Monday, 20 August 2007

It's just some lie, they slept beside.


had most amazing weekend. like cannot even start to explain. flew home for the weekend on thursday night. spend friday melting with friends (who took the day off) watched movies and slowly but surely mae it to tashas for the weekend to come.
friday night eas absolutely crazy. went to Johnny's house for a few drinks.. well not a few quite alot but was still good. was packed with people, alot who were really funny but wanted to start fights with 'car dudes.' whilst Tasha went missing i was just haning with Mya and Matt who i swear are in so must lust not love. they're sitll great. Grace was a complete/COMPLETE mess. wasn't even funny at one point, she was so crazy. almost got us kicked out. but was all still funny in the end. i trashed Grace's white top ahaha. (i'll wash it). we finally got home at around 4 and i crashed at 5.

saturday consisted of sleeping and feeling sick. that night was so amazing. went to Villiage Art Festival and just partied there as hippies. was so great. Tasha and i let some dude spike our drink right infront of us. i really think it was that extreme alcoholic stuff that's green. well it definately did the trick and i was left with halusinating for the resst of the night and allday sunday. met the most amazing guy, Ira. really felt as if we had a connection. he is a muscian and has beeen to America. i can remembed other stuff i just left my memory at the festival. yeah after having a great night we all decided to leave as it was 1.30AM. Grace decided to go missing and we just ran around looking for her for two fucking hours and then cam to find she was at Tashas the whole time. pretty off it, but atleast she was alright and not raped and murdered like we thought she was...

woke up sunday with no voice and a headache to remember. mum was a horrible person to me that day. i had pretty much 2 hours sleep and heaps sick. flew back to GC at 10 and got there are 2!

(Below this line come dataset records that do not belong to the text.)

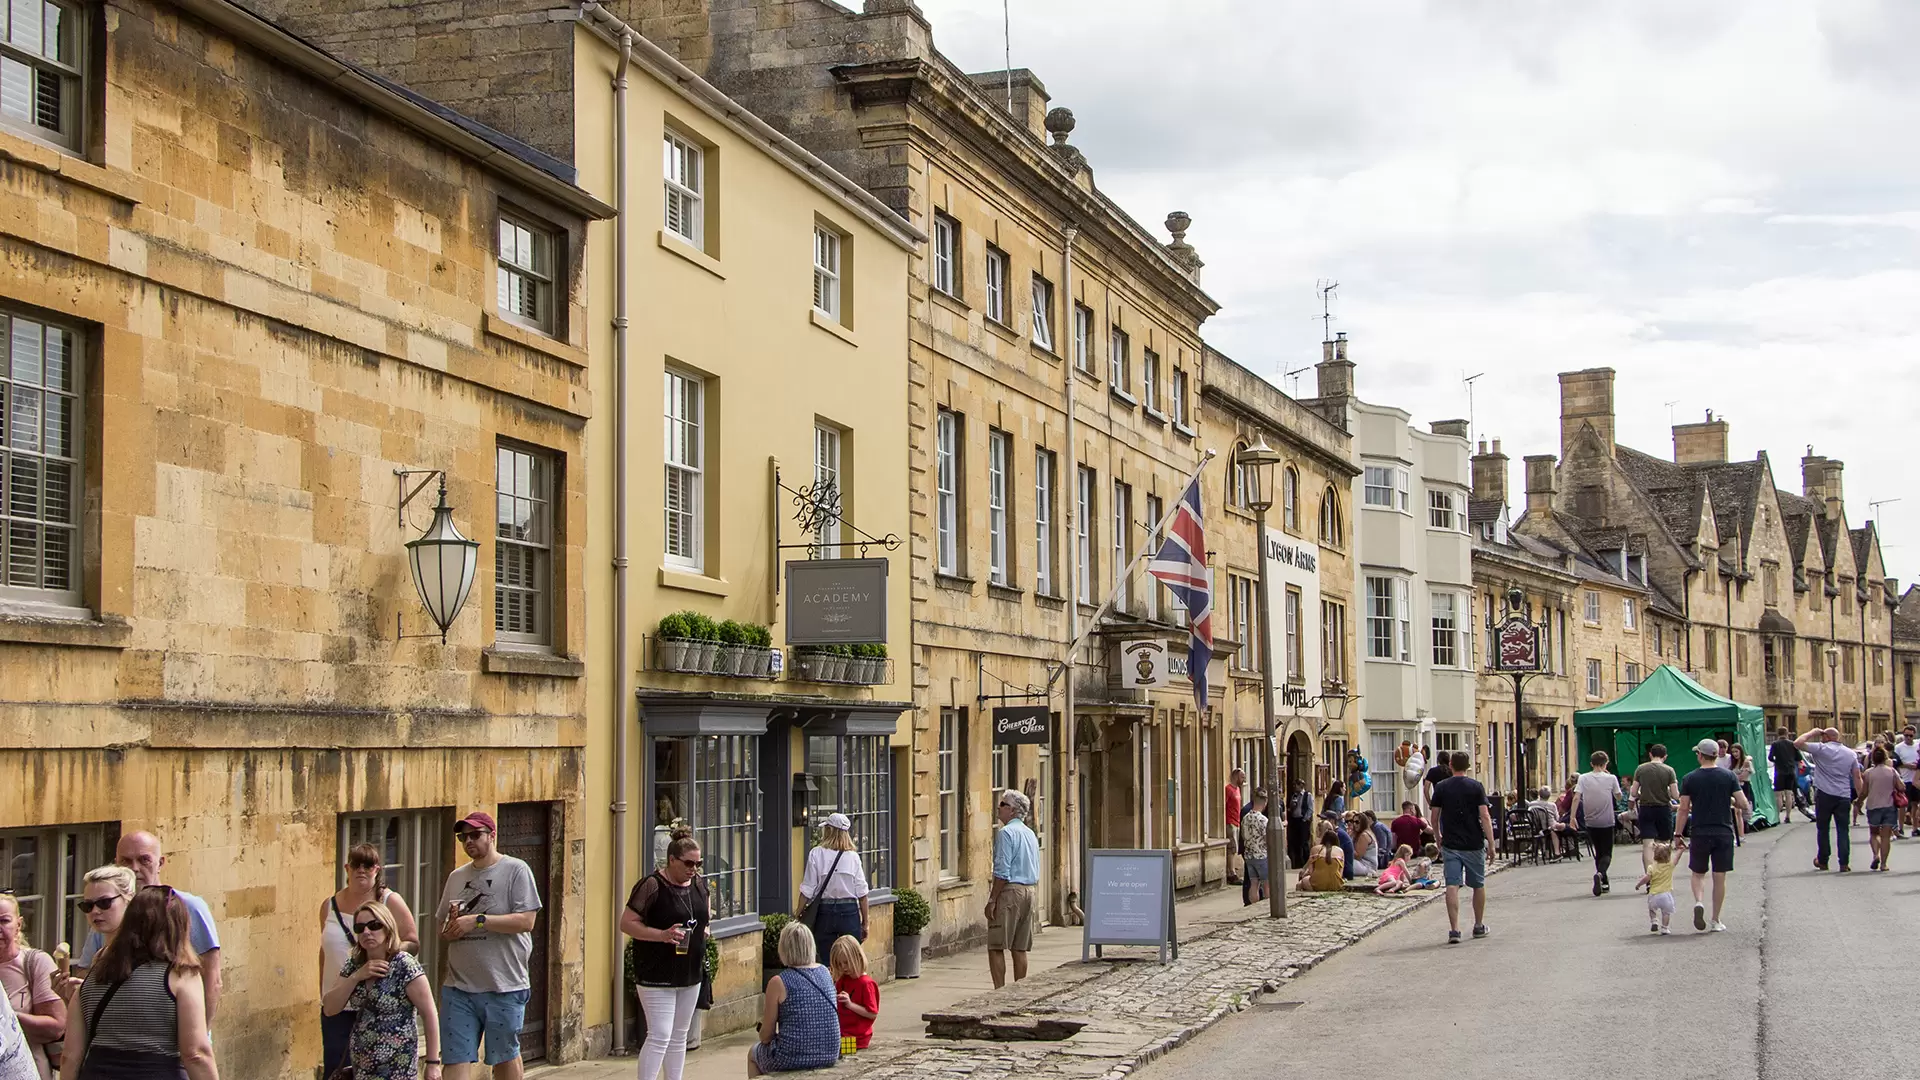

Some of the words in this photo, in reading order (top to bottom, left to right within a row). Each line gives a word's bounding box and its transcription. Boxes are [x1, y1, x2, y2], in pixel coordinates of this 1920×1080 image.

[1266, 535, 1292, 564] LYGON
[1294, 546, 1314, 573] ARMS
[803, 593, 870, 604] ACADEMY
[1282, 684, 1307, 707] HOTEL
[998, 718, 1026, 733] CHERRY
[1020, 716, 1045, 734] PRESS

and from last night to day i have been feeling disgusting.
i wish my weekend was just some lie i could sleep beside.

that wasn't water in that water bottle...

Monday, 13 August 2007

I'd Stop the World and Melt With You

seriously can't wait to hang with this cool chick.

"they're China's problem now..."

this weekend was good but hard working also.
spent friday night watching the old "Blue Crush" and "Marie Antoinette" with the girls in the house. was good and intimidating to watch skinny island girls surf waves and look hot and shit. saturday went well as we just watched some more movies and did a little but of work on Ancient Studies. saturday night we watched "The Simpsons Movie." was sooo good. the only good part was the begining. the rest was funny but could have been better. am inlove with Lisa's Irish Boyfriend/ohhhhh yeah.

this week am planing to get hair done. fringe, colour, nose pierced? just get Fallon to do that one ha! should be an interesting week. got a picture of the colour hair type i will add to mine:



and on thursday i'm flying up the coast to visit 'home' for a few days and catch up with old friends. definately going to be a loose weekend. really miss those guys.
also got to get heaps of study work that weekend :( aaaaand that will probably wreck everything.... but otherwise cannot wait till then xoxo

Tuesday, 7 August 2007

friends and magazines


this morning has definately been in the spirit of boring.
i really want to read my bible books of fashion and other stuff in magaines girls like.. yeah i hope i get to hang out with Fallon this weekend at Byron...

speaking of other shit things happennig in life; leanne and kiristen are planning a birthday party thing for next weekend which i'm not too happy about because i'm suppose to be flying up the coast to see some friends and family for the weekend. really want to go to leanne's but i'm not soo sure which option to choose. i'm having to choose friends between friends and family on the side? well this morning in a mathematics tuturial figured out that i have i v. important english/literatue/poetry oral/speech thing to do on the monday after the weeknd, so i'm thinkng if i fly up that weekend i will definately not get around to putting any work towards it and will be away for thusday,friday,saturday,sunday. but if i go to leanne's i will just be gone, friday to sunday.. meaning i will have more time to go back to school and do it..... well i know which option sounds better but so make the decision..
i've heard of friends over boys, family over friends, eduation over social life... but what about "friends over friends"???

Monday, 6 August 2007

p.s. splendour bendour

an extra post of how i thew my life away this weekend.
pretty much gave away my splendour ticket last week...
i know.

i would have loved to have heard these 'horrific' cats.

razzles and no dazzles!

this weekend was mostly fullfilled with nothing but boring and some more boring. spent most of it with the lovely Lucinda but even she could not bring about the exciting feelings of the weekend. friday night was pretty good tho. we ordered two huge pizzas and two huge diet coke and coke coke. ate so much but was all so good. watched the movie 'Hot Fuzz' or something like that. pretty good, good enough to have a few laughs.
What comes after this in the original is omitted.